**Problem to solve:** Copy out the data that comes next, character for character, and leave the images aside.

**Material provided:**
::::

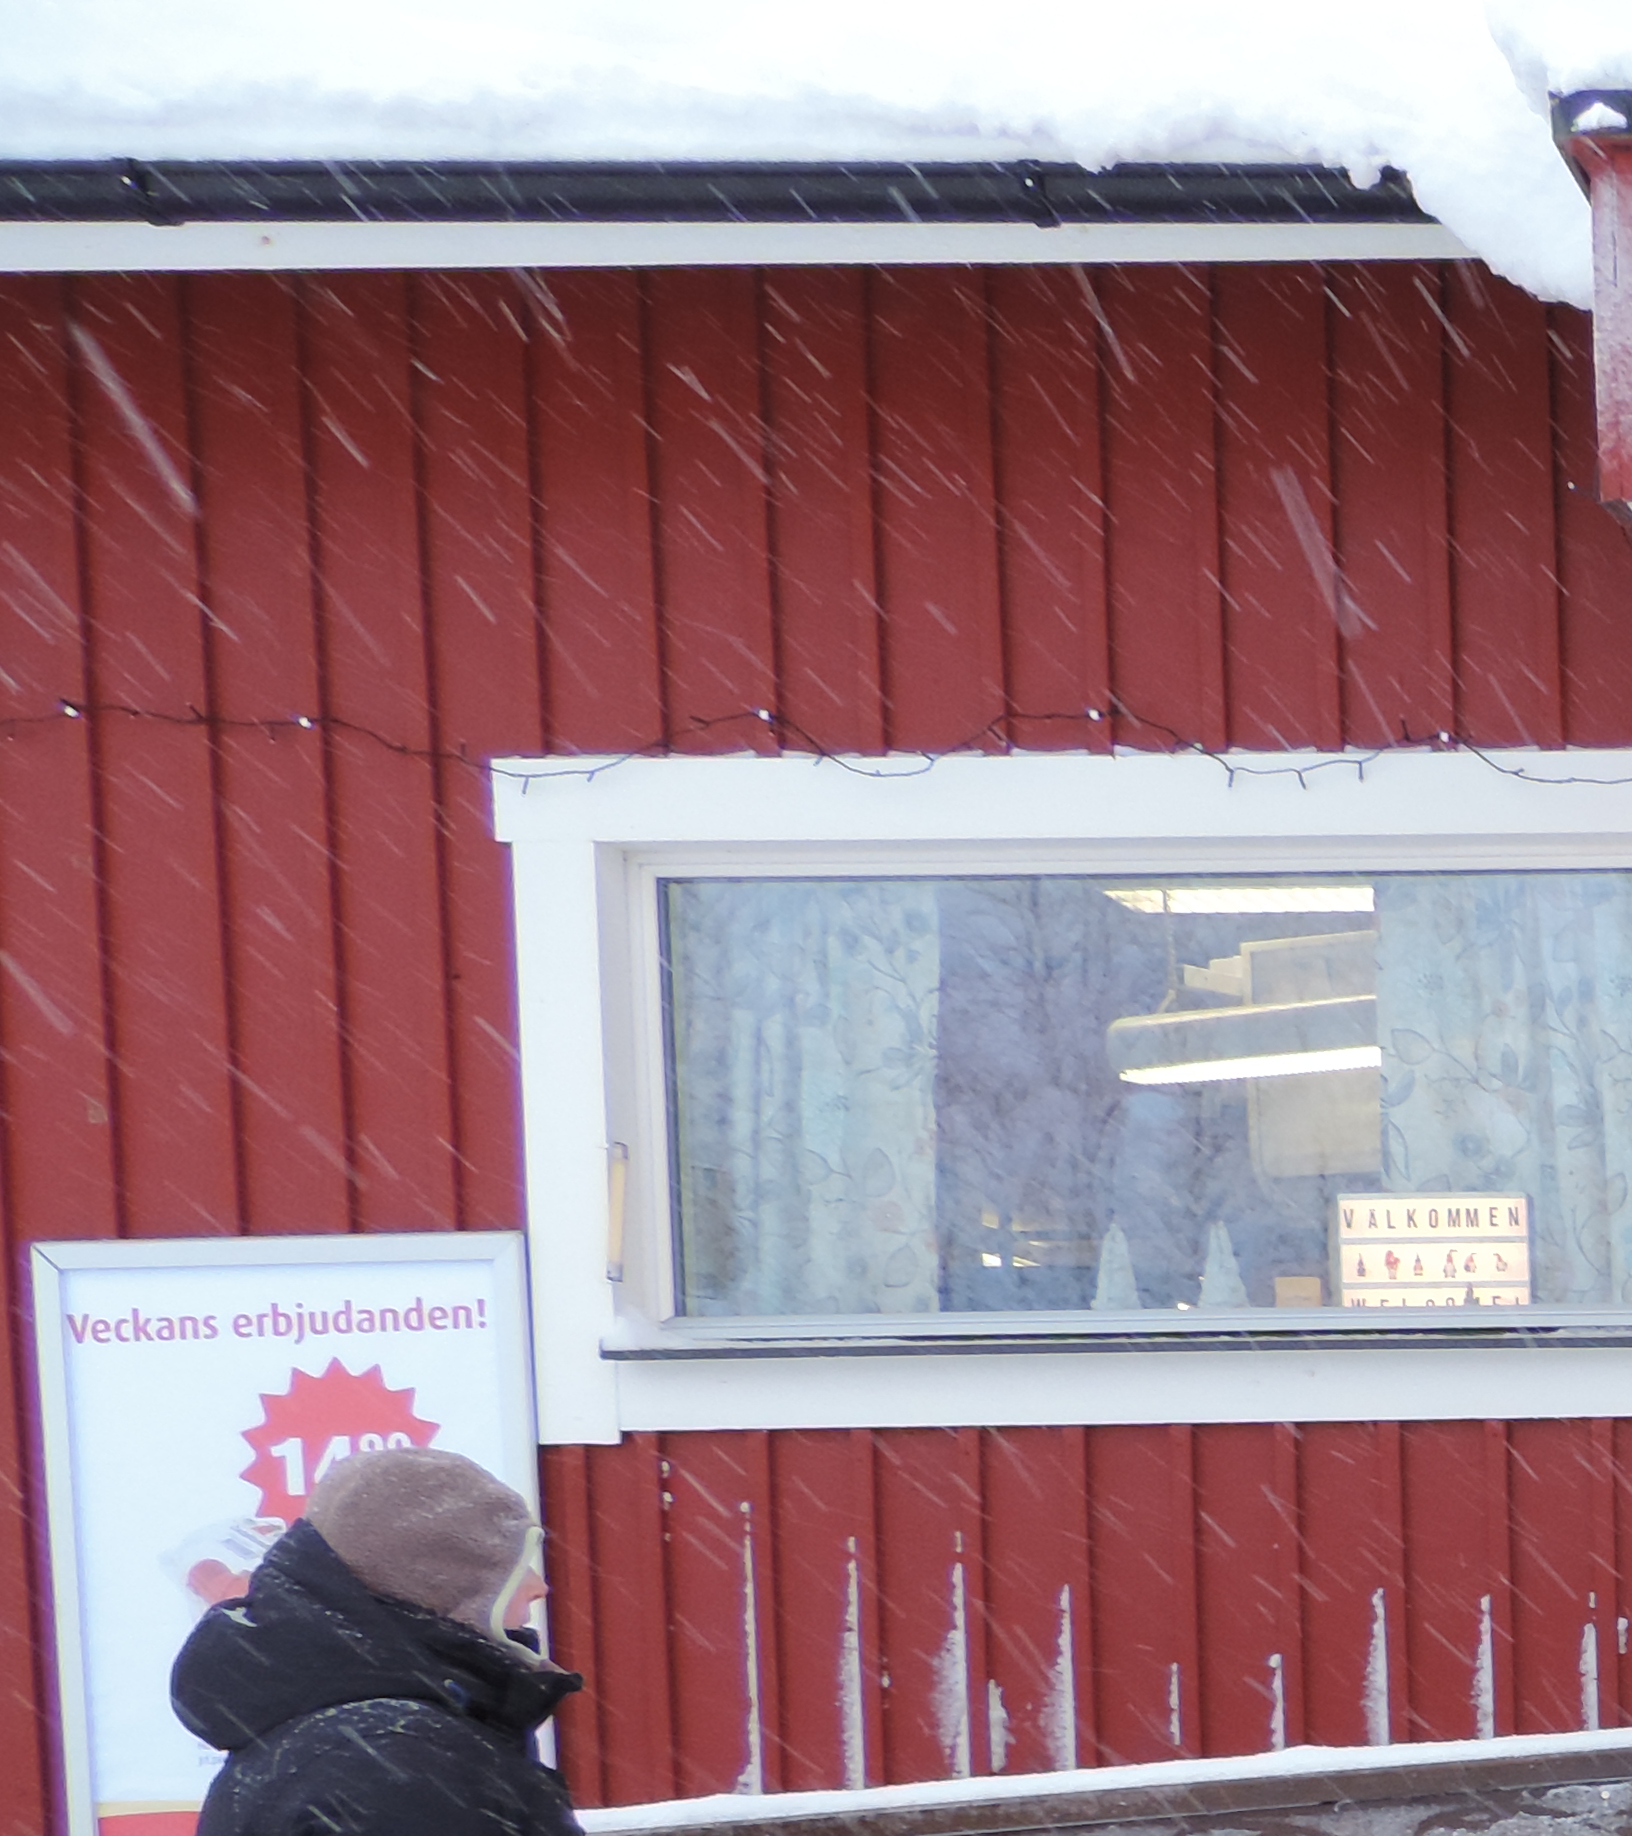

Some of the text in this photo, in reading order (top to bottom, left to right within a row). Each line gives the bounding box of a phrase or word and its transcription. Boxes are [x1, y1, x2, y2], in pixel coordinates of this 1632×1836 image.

[1343, 1206, 1520, 1229] VÄLKOMMEN
[67, 1297, 488, 1345] Veckans erbjudanden!
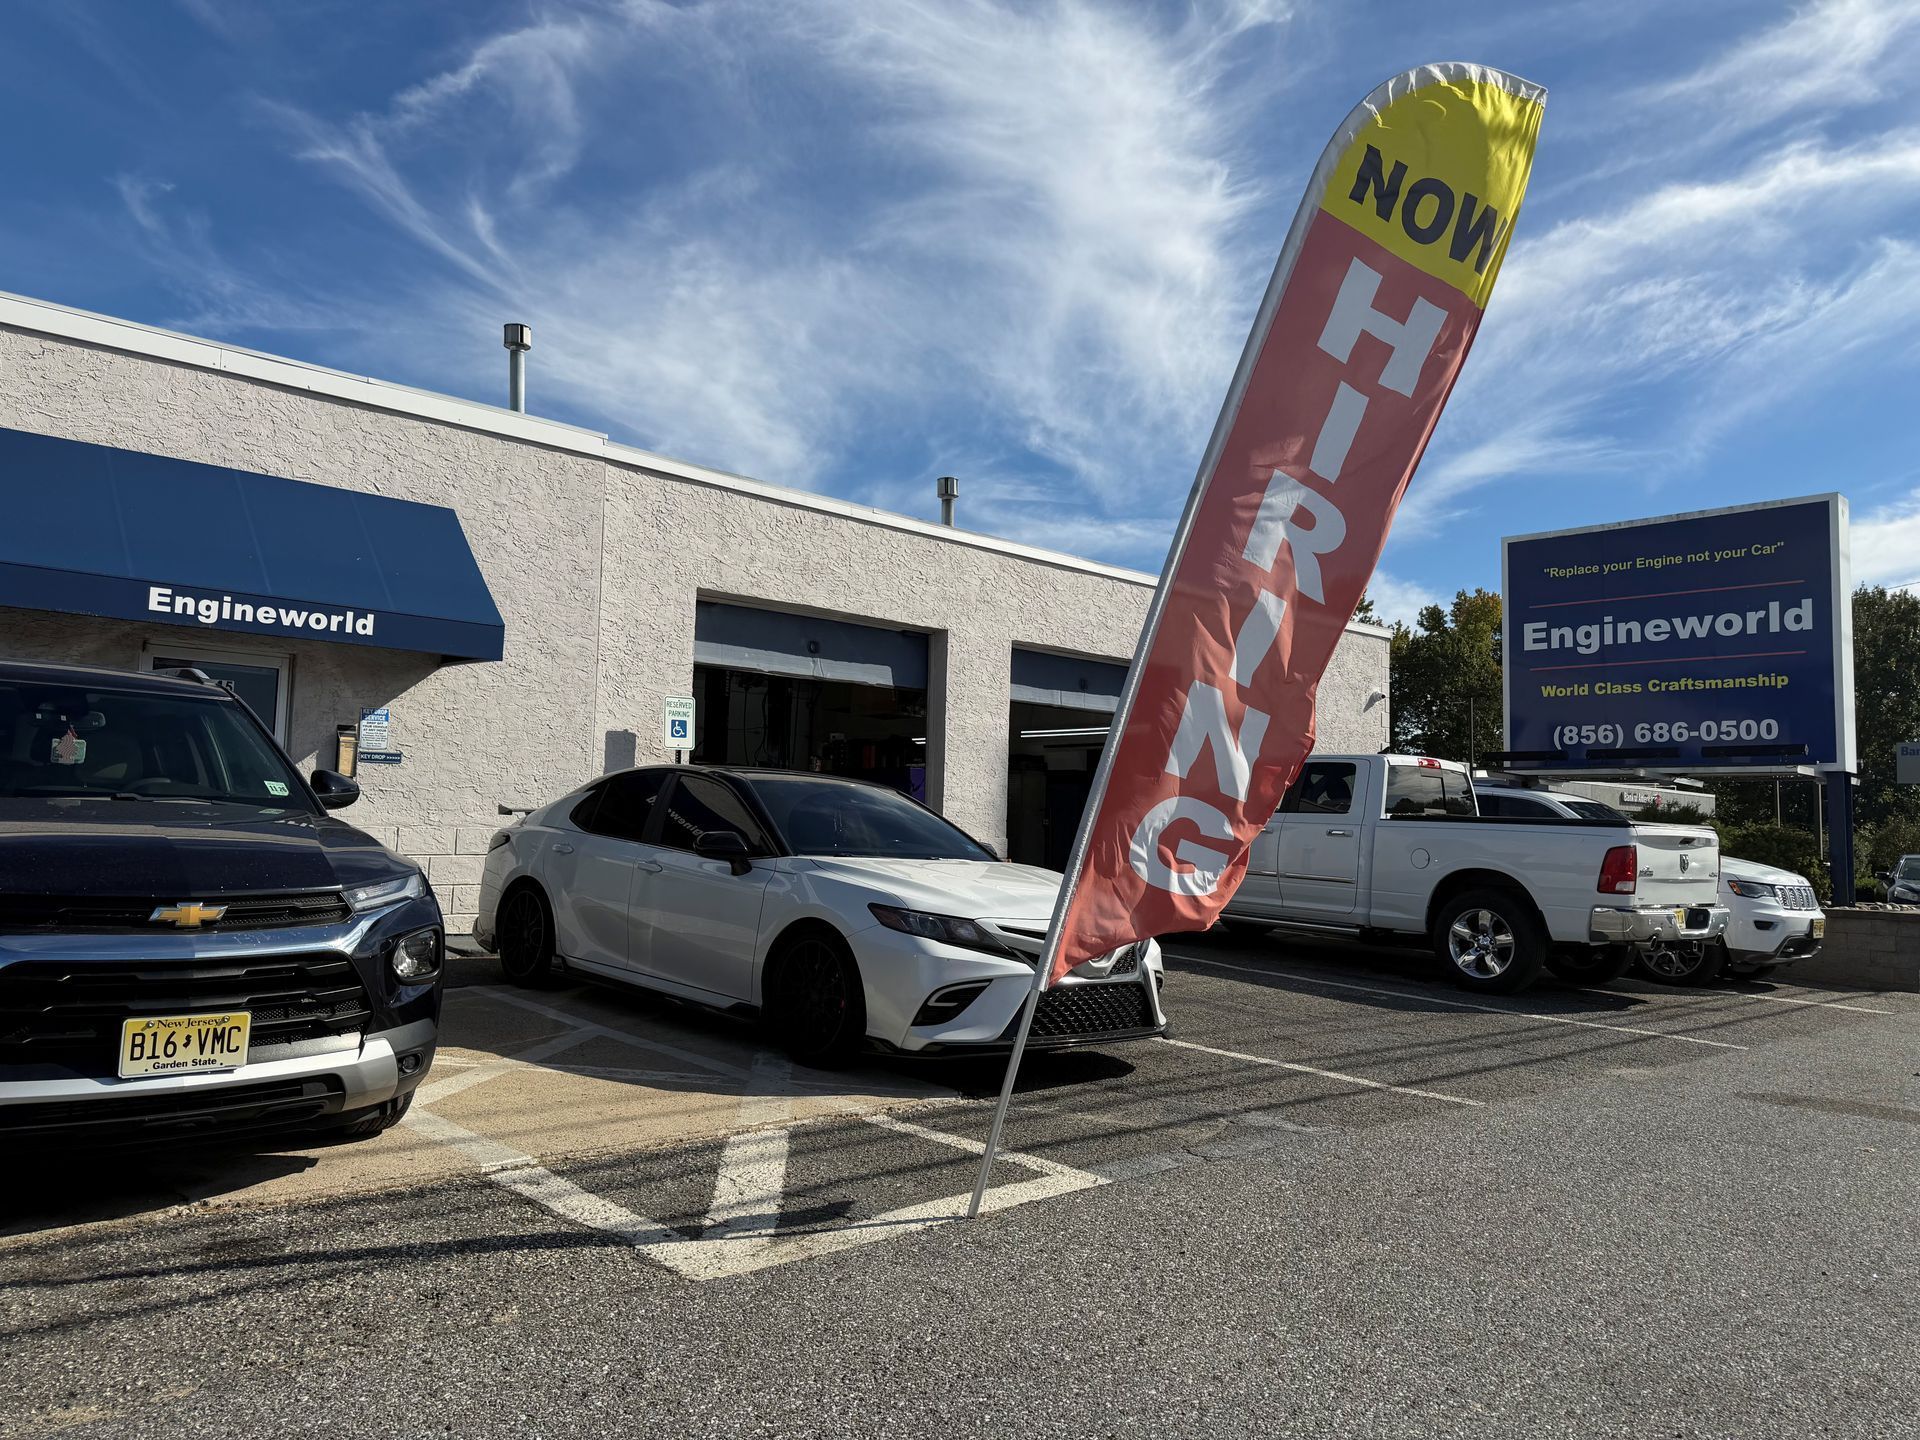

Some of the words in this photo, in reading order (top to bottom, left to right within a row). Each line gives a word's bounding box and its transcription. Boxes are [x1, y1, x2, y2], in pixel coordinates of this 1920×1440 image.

[1349, 143, 1509, 277] NOW
[1129, 256, 1450, 897] HIRING
[1543, 564, 1600, 578] "Replace
[1603, 560, 1632, 575] your
[1636, 555, 1683, 569] Engine
[1687, 550, 1710, 563] not
[1714, 548, 1748, 562] your
[1751, 541, 1785, 556] Car"
[148, 586, 375, 636] Engineworld
[1523, 598, 1813, 655] Engineworld
[1541, 684, 1589, 698] World
[1594, 680, 1642, 696] Class
[1647, 672, 1789, 692] Craftsmanship
[666, 700, 693, 710] RESERVED
[668, 709, 690, 718] PARKING
[1553, 723, 1625, 750] (856)
[1634, 718, 1780, 743] 686-0500
[157, 1019, 184, 1029] New
[184, 1017, 221, 1029] Jersey
[130, 1031, 178, 1062] B16
[197, 1026, 242, 1056] VMC
[152, 1060, 188, 1071] Garden
[191, 1058, 217, 1067] State

::::

**Written answer:**
Some of the text in this photo, in reading order (top to bottom, left to right within a row). Each line gives the bounding box of a phrase or word and its transcription. Boxes are [x1, y1, x2, y2], in pixel coordinates of this 1632×1836 image.

[1343, 1206, 1520, 1229] VÄLKOMMEN
[67, 1297, 488, 1345] Veckans erbjudanden!

Some of the words in this photo, in reading order (top to bottom, left to right within a row). Each line gives a word's bounding box and its transcription. Boxes are [x1, y1, x2, y2], in pixel coordinates of this 1920×1440 image.

[1349, 143, 1509, 277] NOW
[1129, 256, 1450, 897] HIRING
[1543, 564, 1600, 578] "Replace
[1603, 560, 1632, 575] your
[1636, 555, 1683, 569] Engine
[1687, 550, 1710, 563] not
[1714, 548, 1748, 562] your
[1751, 541, 1785, 556] Car"
[148, 586, 375, 636] Engineworld
[1523, 598, 1813, 655] Engineworld
[1541, 684, 1589, 698] World
[1594, 680, 1642, 696] Class
[1647, 672, 1789, 692] Craftsmanship
[666, 700, 693, 710] RESERVED
[668, 709, 690, 718] PARKING
[1553, 723, 1625, 750] (856)
[1634, 718, 1780, 743] 686-0500
[157, 1019, 184, 1029] New
[184, 1017, 221, 1029] Jersey
[130, 1031, 178, 1062] B16
[197, 1026, 242, 1056] VMC
[152, 1060, 188, 1071] Garden
[191, 1058, 217, 1067] State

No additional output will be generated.